____ SUPPLIED RECORDS

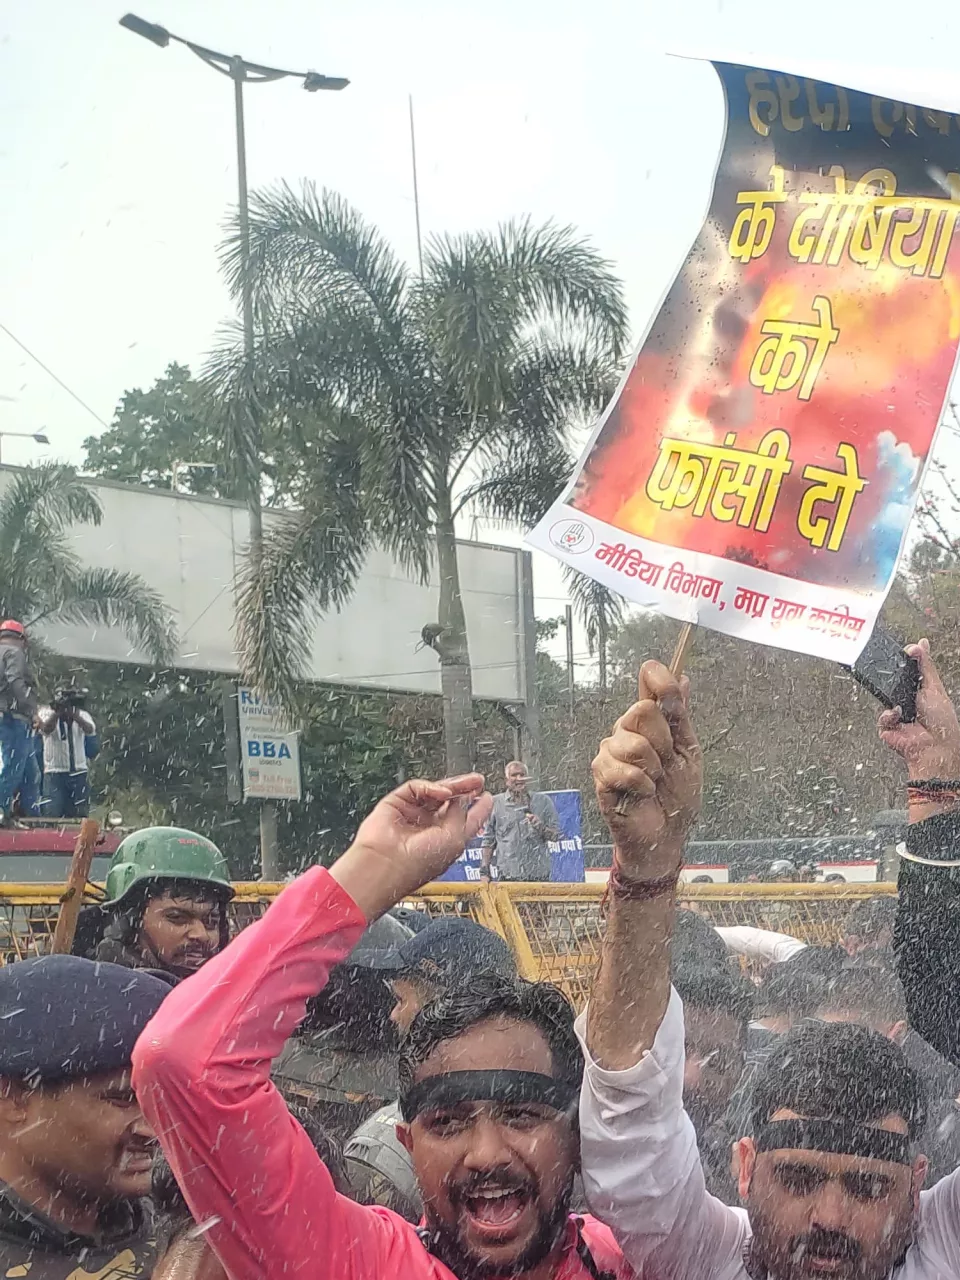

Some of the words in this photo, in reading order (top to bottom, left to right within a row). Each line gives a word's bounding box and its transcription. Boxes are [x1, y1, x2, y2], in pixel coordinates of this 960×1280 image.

[728, 164, 789, 264] के
[749, 295, 840, 400] को
[645, 428, 793, 533] फांसी
[796, 442, 866, 552] दो
[595, 543, 665, 587] मीडिया
[662, 561, 727, 612] विभाग,
[733, 586, 770, 618] मप्र
[770, 597, 807, 630] युवा
[247, 740, 292, 760] BBA

________

▶ WHAT THIS TASK INVOLVES
Could you give the listing again exactly as it stands, minus any pictures?

▶ EXERCISE ANSWER
Some of the words in this photo, in reading order (top to bottom, left to right within a row). Each line gives a word's bounding box and its transcription. Boxes are [x1, y1, x2, y2], in pixel coordinates of this 960×1280 image.

[728, 164, 789, 264] के
[749, 295, 840, 400] को
[645, 428, 793, 533] फांसी
[796, 442, 866, 552] दो
[595, 543, 665, 587] मीडिया
[662, 561, 727, 612] विभाग,
[733, 586, 770, 618] मप्र
[770, 597, 807, 630] युवा
[247, 740, 292, 760] BBA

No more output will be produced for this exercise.